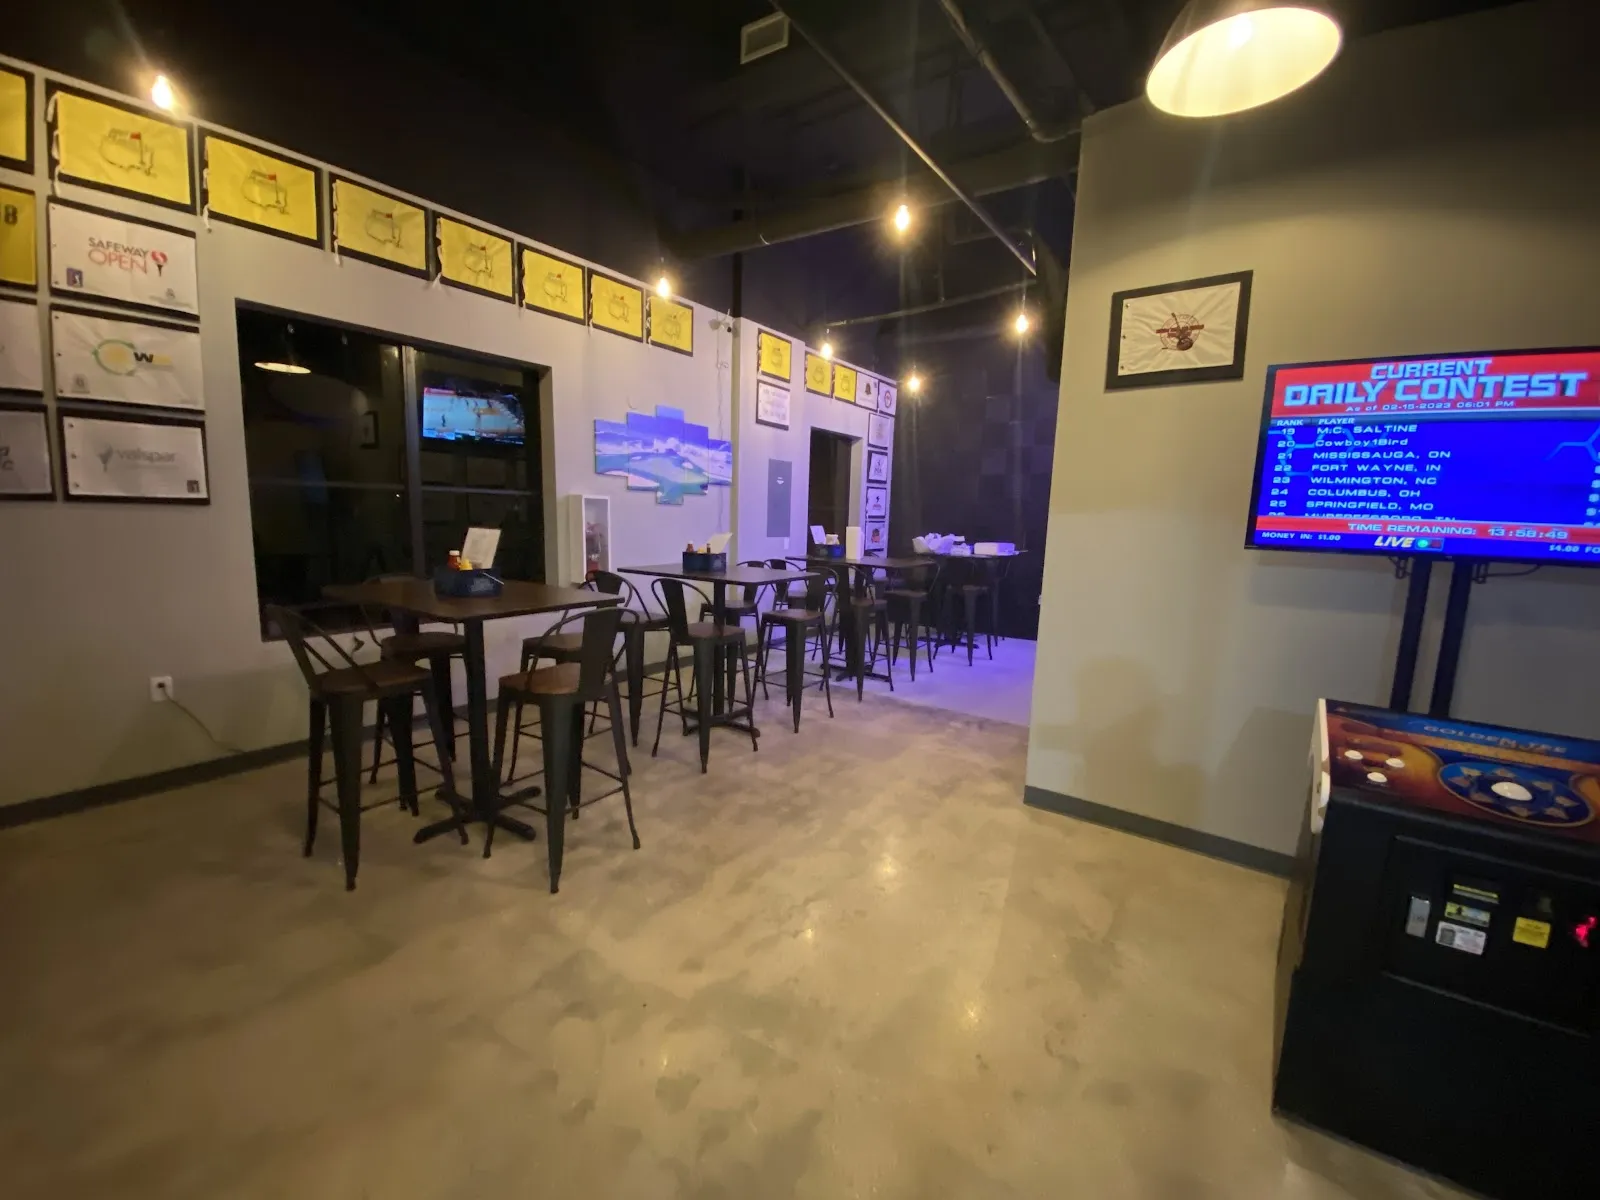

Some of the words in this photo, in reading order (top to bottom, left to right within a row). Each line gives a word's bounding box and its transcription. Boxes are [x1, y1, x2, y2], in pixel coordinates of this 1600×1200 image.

[88, 237, 149, 258] SAFEWAY
[88, 247, 148, 275] OPEN
[1371, 359, 1492, 380] CURRENT
[1284, 381, 1388, 407] DAILY
[1394, 372, 1588, 401] CONTEST
[1382, 402, 1451, 411] 02-15-2023
[1456, 400, 1490, 408] 06:01
[1495, 400, 1514, 408] PM
[1276, 419, 1304, 427] RANK
[1318, 417, 1356, 426] PLAYER
[1353, 424, 1418, 434] SALTINE
[1277, 440, 1295, 448] 20
[1313, 451, 1420, 460] MISSISSAUGA,
[1428, 451, 1451, 459] ON
[1311, 464, 1349, 472] FORT
[1356, 464, 1418, 473] WAYNE,
[1426, 464, 1441, 472] IN
[1310, 476, 1408, 486] WILMINGTON,
[1415, 477, 1437, 485] NC
[1270, 488, 1289, 496] 24
[1307, 489, 1392, 498] COLUMBUS,
[1398, 489, 1421, 497] OH
[1269, 500, 1287, 508] 25
[1306, 501, 1402, 511] SPRINGFIELD,
[1409, 503, 1434, 511] MO
[1348, 523, 1383, 531] TIME
[1387, 524, 1477, 536] REMAINING:
[1374, 535, 1416, 549] LIVE
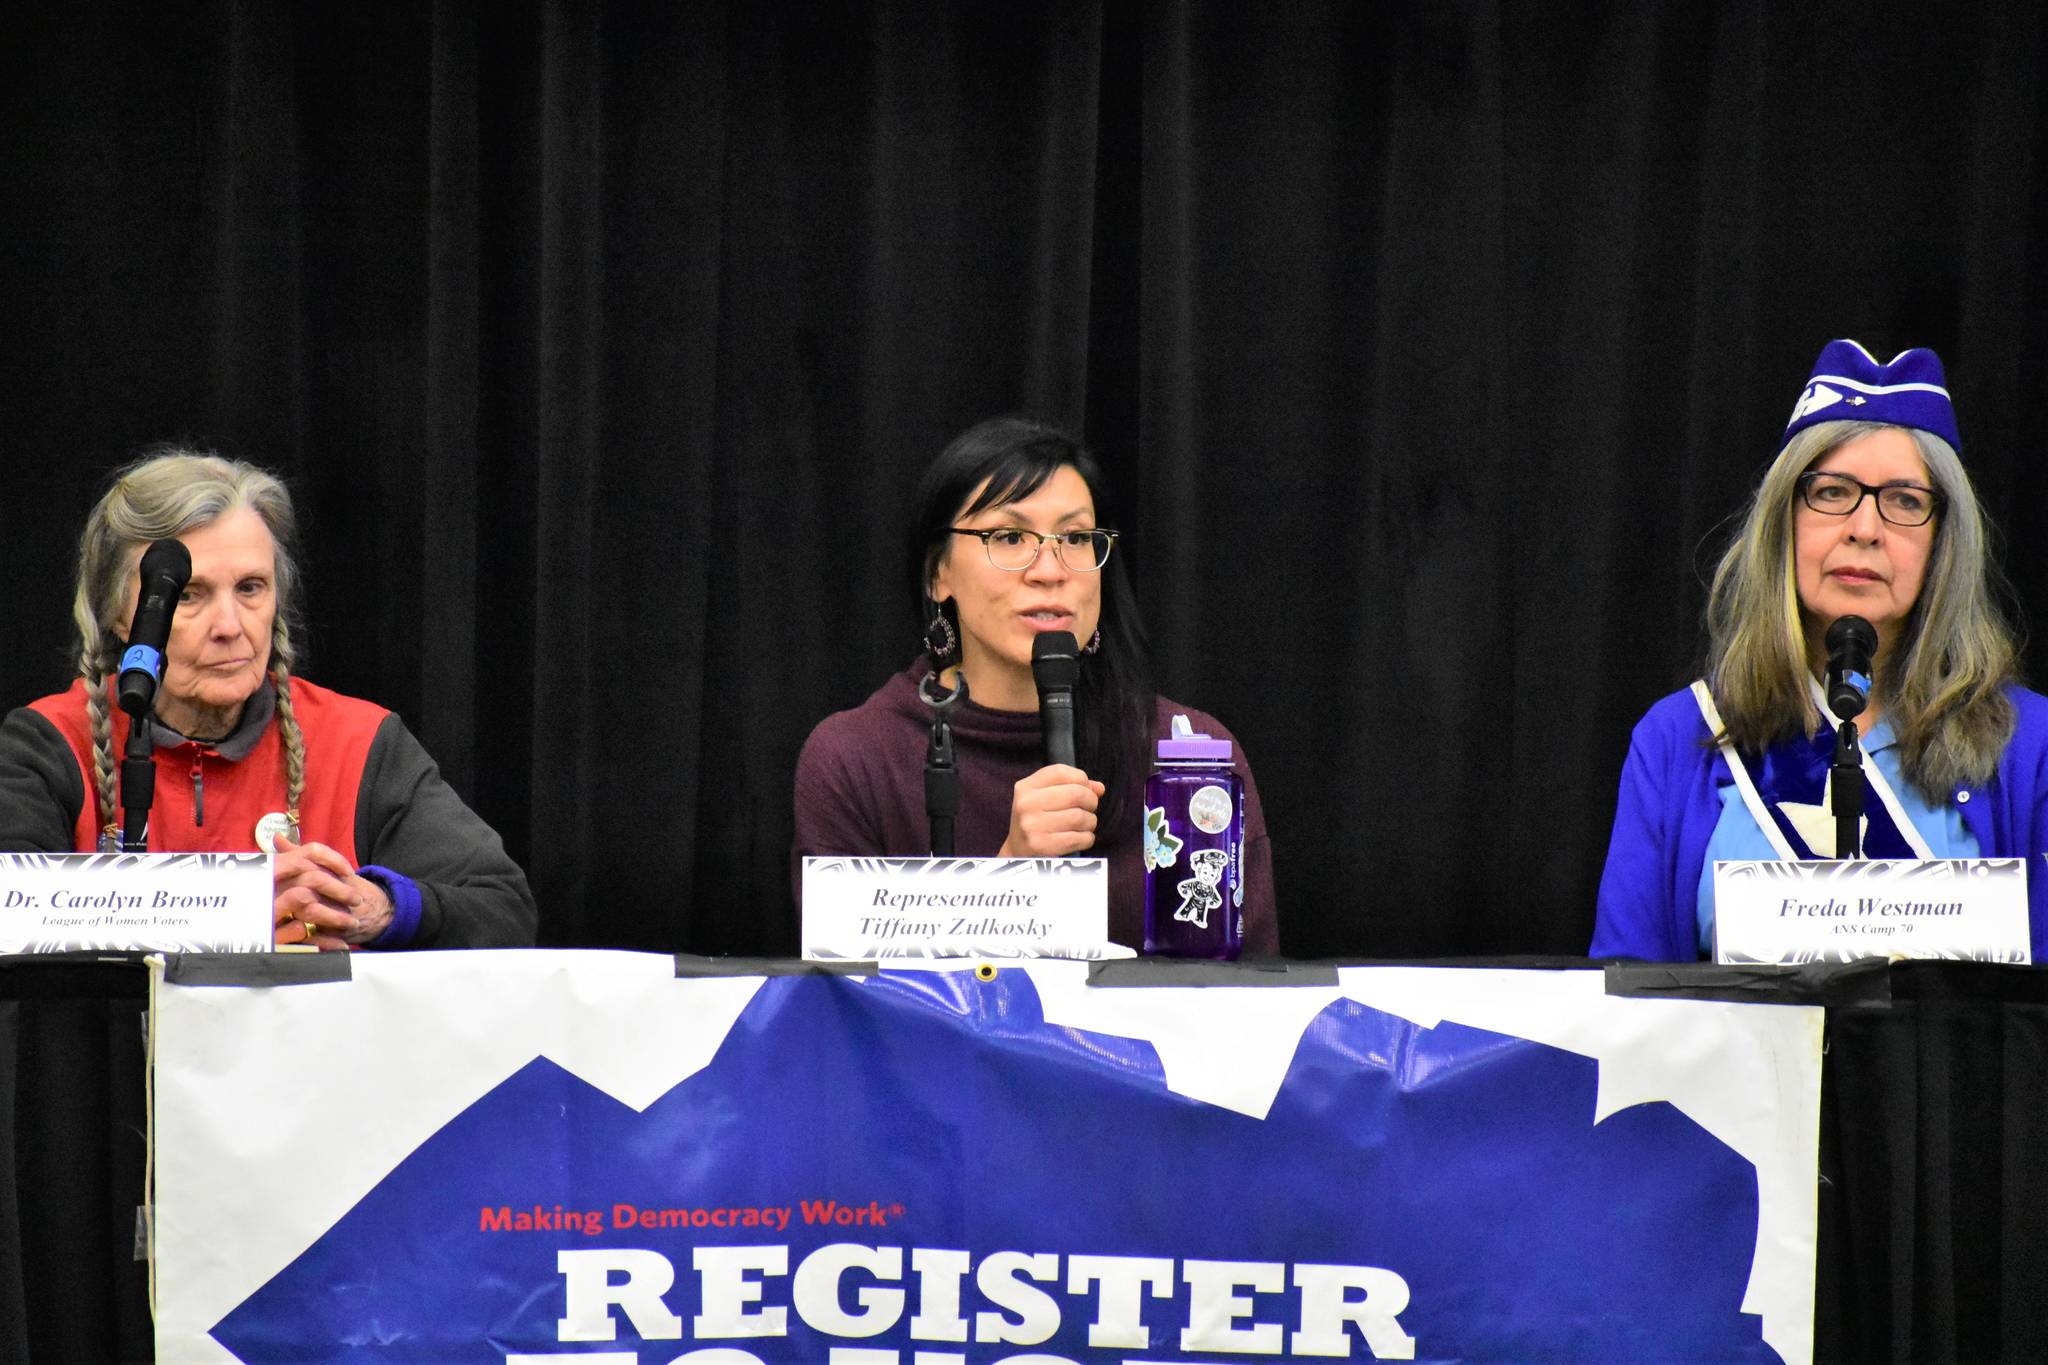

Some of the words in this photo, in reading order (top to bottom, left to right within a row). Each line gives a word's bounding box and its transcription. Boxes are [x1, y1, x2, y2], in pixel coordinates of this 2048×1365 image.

• • •

§ ACTIVITY
Pictures are to be excluded; the records themselves are to be reproduced exactly.

§ EXERCISE RESULT
Some of the words in this photo, in reading order (top to bottom, left to right within a row). Each line gives a word's bounding box and its transcription. Boxes are [x1, y1, x2, y2], in pixel coordinates of this 1600×1200 image.

[88, 237, 149, 258] SAFEWAY
[88, 247, 148, 275] OPEN
[1371, 359, 1492, 380] CURRENT
[1284, 381, 1388, 407] DAILY
[1394, 372, 1588, 401] CONTEST
[1382, 402, 1451, 411] 02-15-2023
[1456, 400, 1490, 408] 06:01
[1495, 400, 1514, 408] PM
[1276, 419, 1304, 427] RANK
[1318, 417, 1356, 426] PLAYER
[1353, 424, 1418, 434] SALTINE
[1277, 440, 1295, 448] 20
[1313, 451, 1420, 460] MISSISSAUGA,
[1428, 451, 1451, 459] ON
[1311, 464, 1349, 472] FORT
[1356, 464, 1418, 473] WAYNE,
[1426, 464, 1441, 472] IN
[1310, 476, 1408, 486] WILMINGTON,
[1415, 477, 1437, 485] NC
[1270, 488, 1289, 496] 24
[1307, 489, 1392, 498] COLUMBUS,
[1398, 489, 1421, 497] OH
[1269, 500, 1287, 508] 25
[1306, 501, 1402, 511] SPRINGFIELD,
[1409, 503, 1434, 511] MO
[1348, 523, 1383, 531] TIME
[1387, 524, 1477, 536] REMAINING:
[1374, 535, 1416, 549] LIVE

Some of the words in this photo, in reading order (top to bottom, left to right within a row). Each line gives a word's bounding box and its transcription. Boxes are [x1, y1, x2, y2], in pixel coordinates of this 2048×1365 image.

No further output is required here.